Richard Horwell, a lawyer representing Scotland Yard, told the inquiry on Thursday that the investigation “has always had at its central core the science.”
“It is the scientific evidence that condemns Lugovoi and Kovtun,” he said. The two men “have no credible answer to the scientific evidence, and to the trail of polonium they left behind.”
Mr. Emmerson said the poisoning had been the third attempt on Mr. Litvinenko’s life in less than a month.
A central theme at the inquiry was whether the Russian state had been involved in the killing.
Mr. Emmerson said that since the poisoning, Mr. Kovtun and Mr. Lugovoi had benefited from a “wall of protection by corrupt elements in the Kremlin.” Mr. Lugovoi secured a seat in the Russian Parliament, and this year he received a medal of honor from Mr. Putin for “services to the motherland.”
In March, as the inquiry was initially set to conclude, Mr. Kovtun signaled that he would testify by video link from Moscow. But, citing legal restrictions, he refused to do so when the link was set up this week.

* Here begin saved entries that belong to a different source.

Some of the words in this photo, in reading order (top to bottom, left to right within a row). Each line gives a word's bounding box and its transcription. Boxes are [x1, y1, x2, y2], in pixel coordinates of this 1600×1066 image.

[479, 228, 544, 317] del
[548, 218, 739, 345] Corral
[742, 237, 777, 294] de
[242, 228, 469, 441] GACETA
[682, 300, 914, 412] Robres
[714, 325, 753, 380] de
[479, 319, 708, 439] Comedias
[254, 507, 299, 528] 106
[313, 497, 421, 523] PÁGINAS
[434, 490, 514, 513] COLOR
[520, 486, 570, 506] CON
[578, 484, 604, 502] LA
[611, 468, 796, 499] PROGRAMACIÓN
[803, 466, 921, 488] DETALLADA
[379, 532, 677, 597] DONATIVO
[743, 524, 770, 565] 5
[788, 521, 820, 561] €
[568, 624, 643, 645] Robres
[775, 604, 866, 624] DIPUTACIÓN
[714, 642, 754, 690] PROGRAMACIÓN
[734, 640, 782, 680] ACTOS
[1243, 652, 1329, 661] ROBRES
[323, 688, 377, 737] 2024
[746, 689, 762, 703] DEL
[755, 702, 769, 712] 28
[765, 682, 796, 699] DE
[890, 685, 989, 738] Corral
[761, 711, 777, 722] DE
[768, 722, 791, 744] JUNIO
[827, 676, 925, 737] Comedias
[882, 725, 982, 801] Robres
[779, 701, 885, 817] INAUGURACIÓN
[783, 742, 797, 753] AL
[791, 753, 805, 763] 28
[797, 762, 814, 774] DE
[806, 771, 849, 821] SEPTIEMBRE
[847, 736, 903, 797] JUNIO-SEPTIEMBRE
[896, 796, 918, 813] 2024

“The approach of the Russian authorities from start to finish speaks volumes and provides powerful support for the conclusion that Mr. Putin and his cronies in the Kremlin were not only behind the murder, but even now stand four square behind the murderers,” Mr. Emmerson said.
The polonium used in the poisoning, he said, was manufactured in Russia and “could not have been diverted for use as a murder weapon without the knowledge of Russian officials and the approval of Mr. Putin personally.”

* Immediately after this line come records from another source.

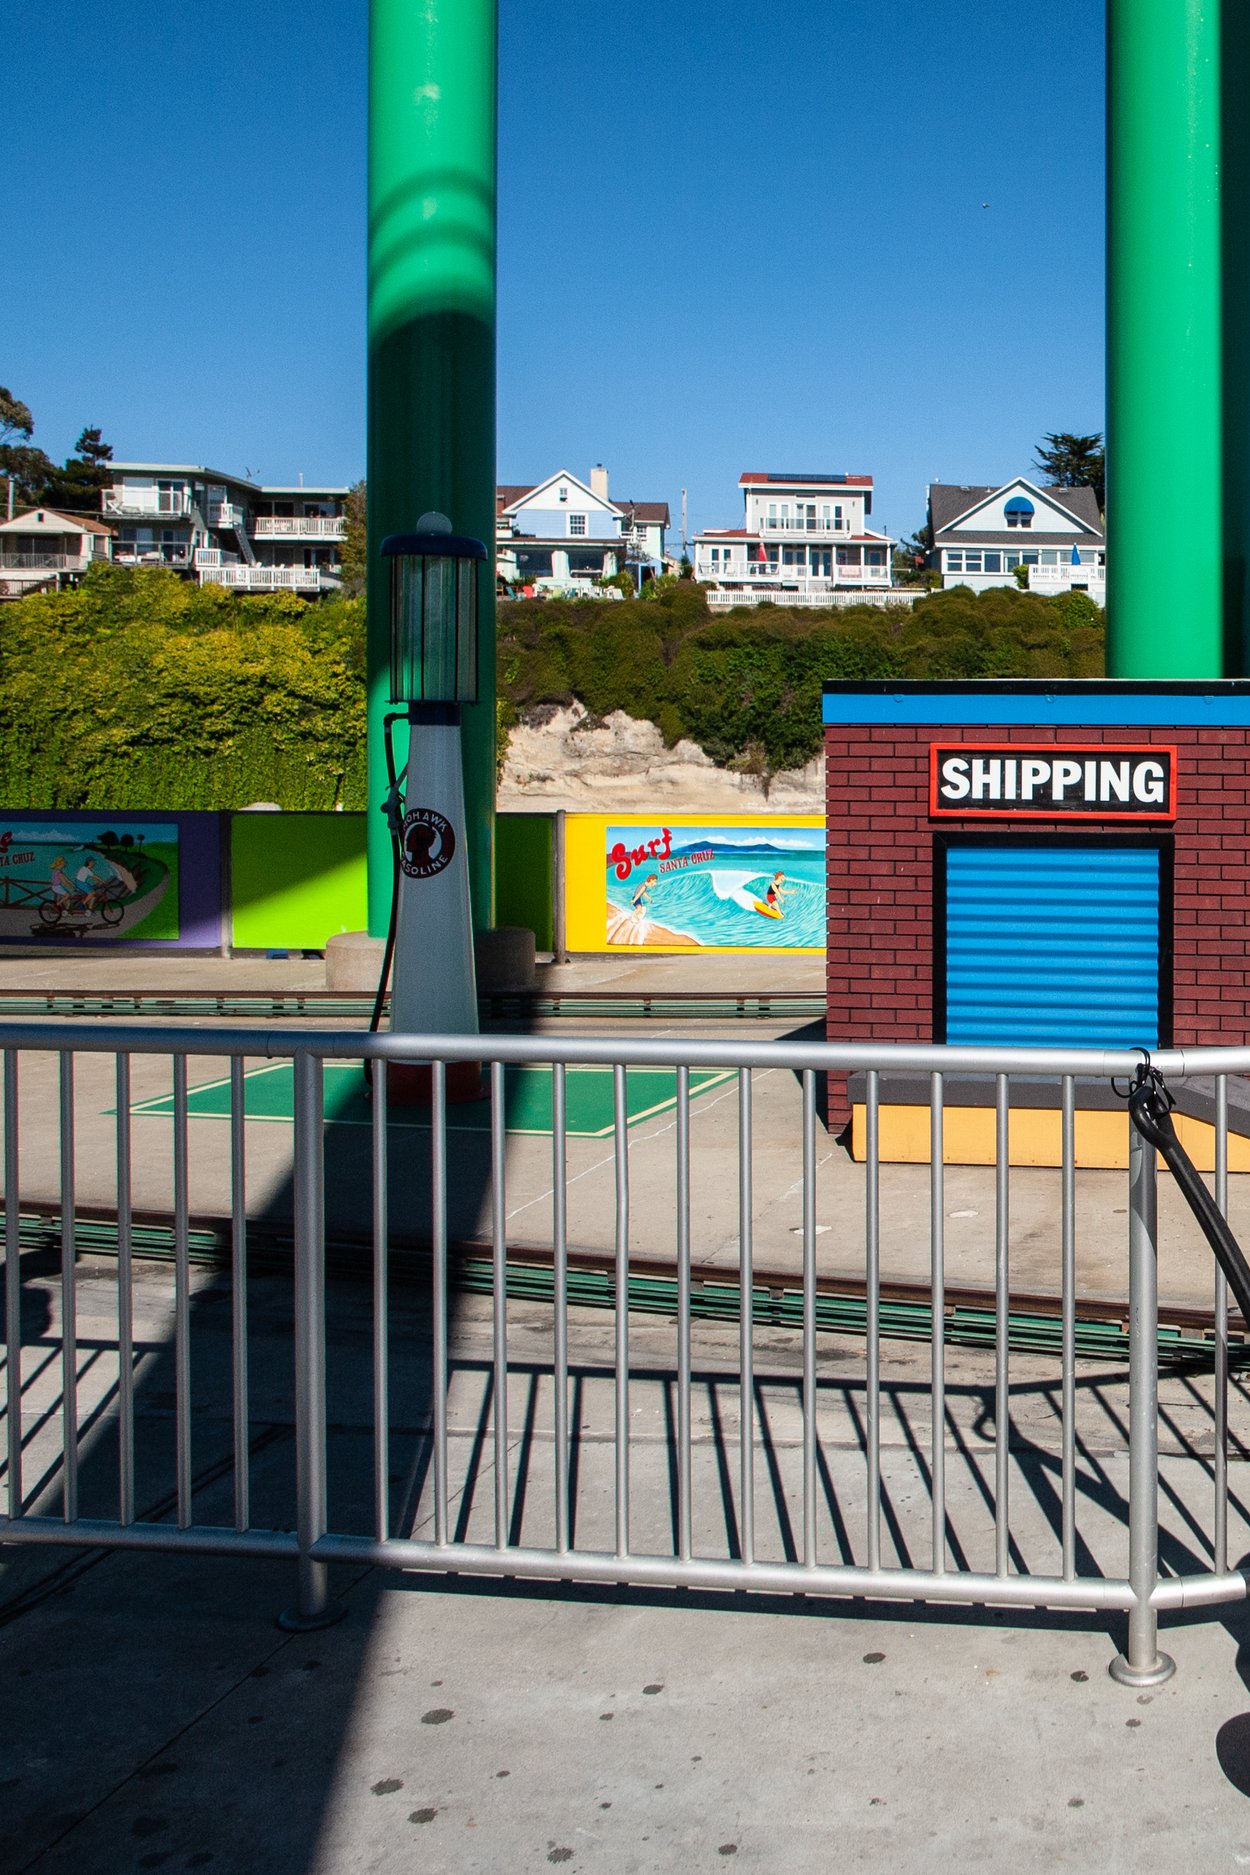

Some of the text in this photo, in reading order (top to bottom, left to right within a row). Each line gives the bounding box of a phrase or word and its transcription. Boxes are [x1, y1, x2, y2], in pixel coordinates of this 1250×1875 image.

[940, 757, 1165, 803] SHIPPING
[12, 850, 35, 865] CRUZ
[401, 852, 448, 875] ASOLINE
[611, 827, 673, 881] Surf
[659, 848, 715, 874] SANTA CRUZ

The Russian Embassy in London issued a statement saying that the inquiry had failed to follow international law and that it had been politicized and biased.
At the time of his death, Mr. Litvinenko was investigating the Kremlin and Mr. Putin, seeking evidence of links with organized crime. “It was the work he did exposing the links between Putin’s cabal and organized crime gangs operating in Russia and elsewhere that provided the most direct and immediate motive for his murder,” Mr. Emmerson said.
He said Mr. Litvinenko had worked closely with one of the suspects in his poisoning, Mr. Lugovoi, on some investigations. But, Mr. Emmerson said, Mr. Litvinenko was unaware that Mr. Lugovoi was reporting Mr. Litvinenko’s inquiries “to the very people he was trying to expose.”